Sunday, January 3, 2016

James Wan: A Face of Horror

Some of the most iconic horror movies today stem from one man and one man alone. And no, this one man does not happen to be Stephen King, surprisingly. No, this man is James Wan, the writer, and director of Saw, The Conjuring and Insidious: Chapter Two, to name a few projects he’s touched. 

A Malaysian man born in 1977, he went to Australia to begin his film career, where he went to technical school and learned the trade through on-site works. He’d been involved in over ten multi-million dollar films, from all of the Saw movies as either writer, director or producer, and he directed the Conjuring, one of the better haunting stories as of late. A few years ago he released a thriller called Dead Silence, where the ghost of a ventriloquist seeks revenge on the people that killed her through supernatural means. In short, he’s done quite a bit in the last ten years that make him praiseworthy.

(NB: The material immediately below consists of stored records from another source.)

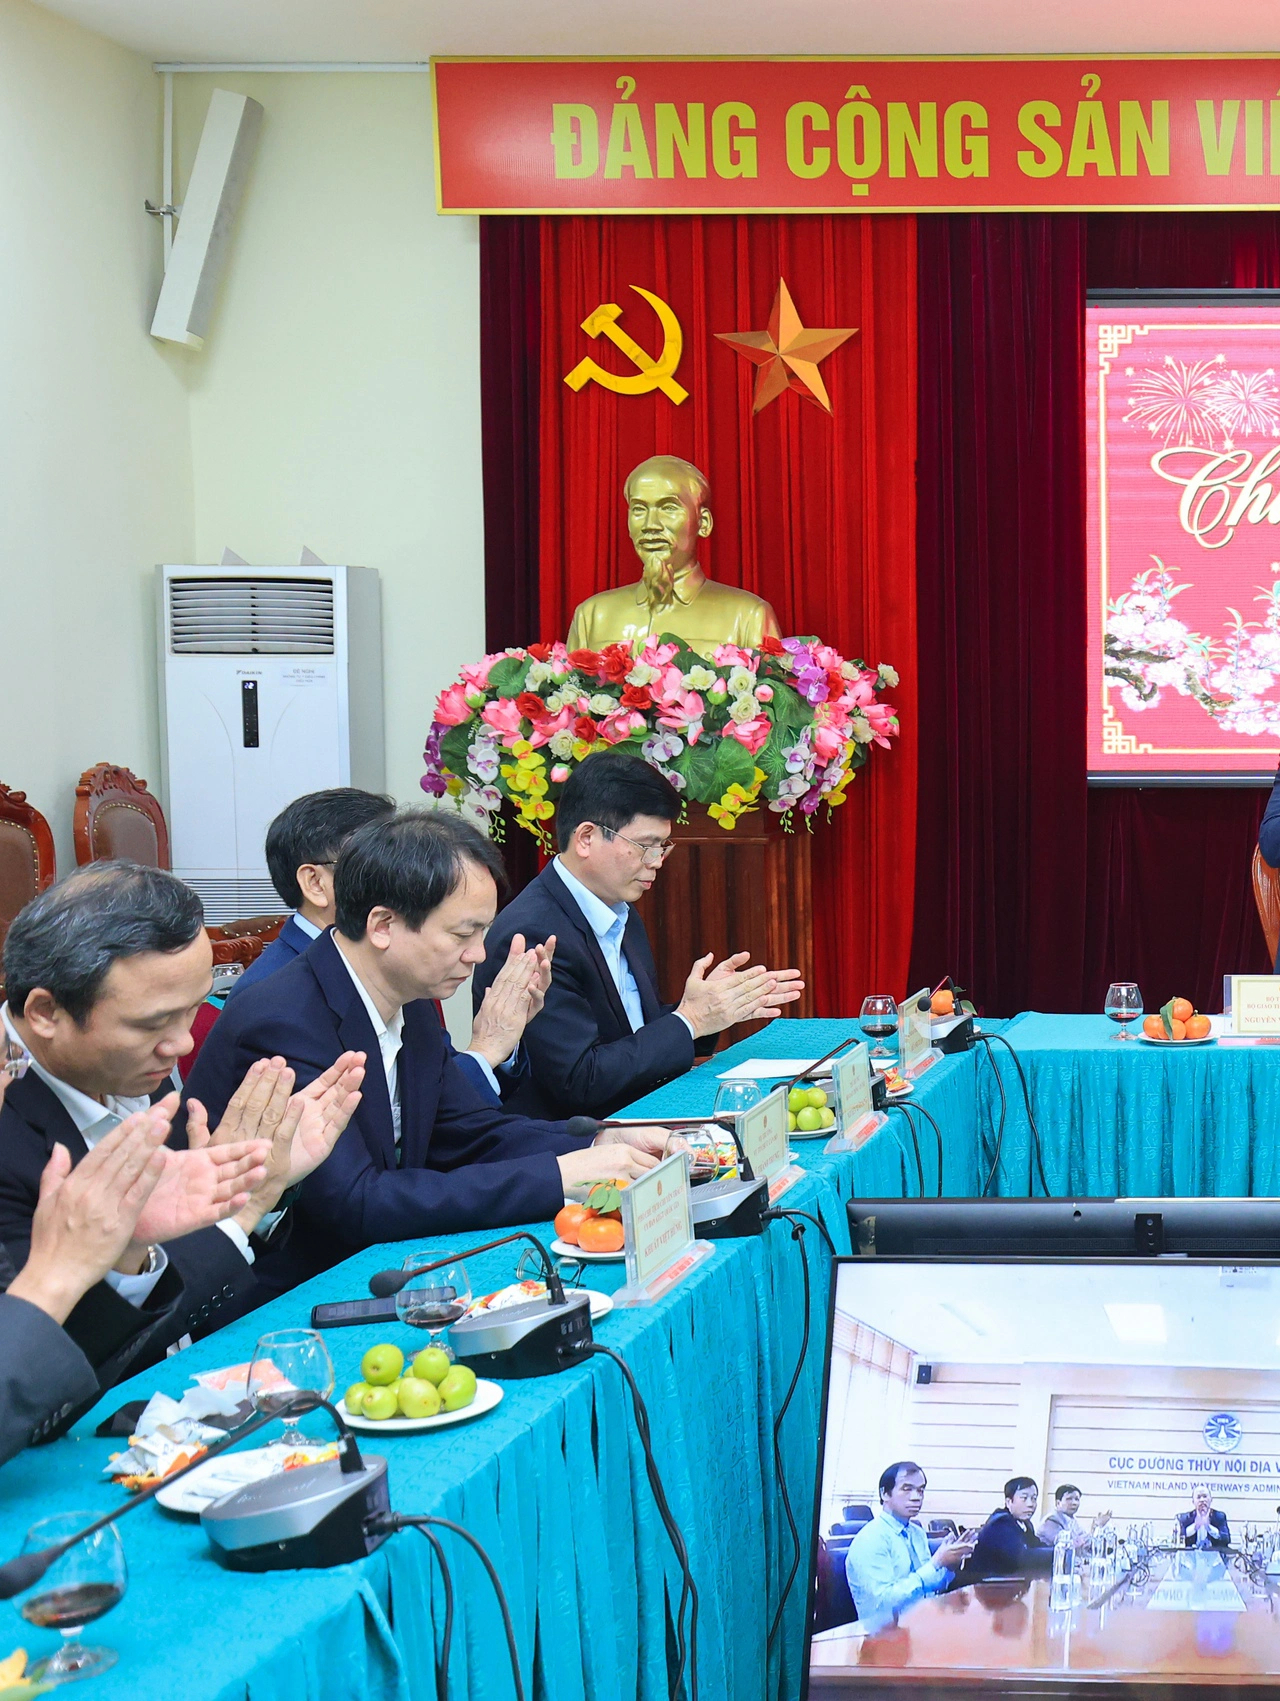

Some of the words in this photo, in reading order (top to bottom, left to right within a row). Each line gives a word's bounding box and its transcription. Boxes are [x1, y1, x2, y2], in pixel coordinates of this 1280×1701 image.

[551, 76, 758, 180] ĐẢNG
[785, 85, 990, 197] CỘNG
[1016, 74, 1172, 180] SẢN
[1109, 1457, 1134, 1470] CỤC
[1224, 1459, 1246, 1474] NỘI
[1107, 1480, 1150, 1490] VIETNAM
[1152, 1481, 1188, 1490] INLAND

What makes him as versatile as a horror artist is that he’s come at the genre from all angles: writer, producer, and director. He’s had to write, and rewrite, scripts for movies on the fly while coming up with ideas for camera angles and shots that would elicit the most suspense possible from the movie goer. His work in Saw, while now a reviled spatter fest of blood and guts that has turned horror into just that, was absolutely brilliant storytelling when it first came out. The way the plot flows from movie to movie can sometimes force someone to actually try and map out what is happening at the same time as in the last movie, or the next. He takes well over fifty actors and puts them on a stage in intervals, revealing to the audience towards the end of each movie where in the franchise this one sits (prequel, concurrent or sequel). Surprise characters are revealed that one assumed were gone, and minor characters blow up into major ones that, had we been more astute, we may have guessed it earlier in the movie.

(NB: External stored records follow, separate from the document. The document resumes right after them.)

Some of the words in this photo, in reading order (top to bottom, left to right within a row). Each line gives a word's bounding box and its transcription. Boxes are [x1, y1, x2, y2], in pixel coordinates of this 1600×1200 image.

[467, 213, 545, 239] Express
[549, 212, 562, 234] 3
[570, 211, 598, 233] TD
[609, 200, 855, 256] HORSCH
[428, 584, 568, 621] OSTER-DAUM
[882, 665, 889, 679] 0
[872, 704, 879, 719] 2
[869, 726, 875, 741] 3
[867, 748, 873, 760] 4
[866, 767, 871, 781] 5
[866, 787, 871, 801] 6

As for his more supernatural movies, such as Insidious Chapter Two, the Conjuring, and Dead Silence, he pulls out any and all barriers for these films to allow suspense to climax not once per movie, but several times in a short, rapid succession. In The Conjuring, a family that has recently moved into a house is experiencing a haunting that they cannot explain. When the experts show up to try and get rid of the spirit, it latches onto them as well and goes after their daughter. When that fails, the ghost immediately returns to haunting the family, possessing the mother and having her try and kill her two youngest children. All throughout, there are multiple ghosts, all but one merely there to scare, and the feel of the movie is one long scene that just makes the movie roll together so well.
In Insidious Chapter Two, the movie takes place concurrently as the first one, first acting as a prequel, then moving as a sequel, then traveling time in a ghostly dimension to cause unanswered effects in the first movie. This kind of storytelling generally takes years in advance to create, which is doubly impressive as James Wan didn’t write the first Insidious movie. Perhaps he was able to get the original screenwriters together and get their notes, but he created a unique perspective on movies where an afterlife is an option that has never been seen before, a kind of mix of purgatory and a mental ward that leaves one feeling incredibly lost, yet claustrophobic.
With Dead Silence, his first major picture after he wrote Saw, he went all out on the disturbing scale and took the phobia of glassy-eyed dolls to a new level. The movie revolves around a man whose wife was killed and face torn apart by some unseen force. By inserting a Freddy Krueger-esque rhyme to explain the ghost of a dead ventriloquist, we begin to see a town that has been abandoned due to wanton murders that are unexplainable while we find out how much more depraved this puppeteer truly was, experimenting with human bodies to create the perfect puppet.
One theme that James Wan enjoys sticking to is inserting dummies or dolls into his movies. The doll from Saw can also be seen in Dead Silence while the doll from The Conjuring is one of the dolls from Dead Silence. Wan has also been known to side with the idea that horror as a genre is an underrepresented craft that is harder to make and even harder to sell, as people won’t buy it if they see the so-called seams. “We think craft is important, and the irony has always been that horror may be disregarded by critics, but often they are the best-made movies you're going to find in terms of craft. You can't scare people if they see the seams.”
A final bit of trivia for you movie goers out there just screaming for more. Saw was originally meant for the Sundance film festival and was rejected as being too intense. They actually asked Wan to edit it down to where it would be a watered-down version of its former self.
But as far as the movies go, I’ve slowly begun to become invigorated by them once again. Perhaps Hollywood has heard our pleas for something decent in the way of horror and are throwing us a bone. If that’s the case, I call dibs on the marrow.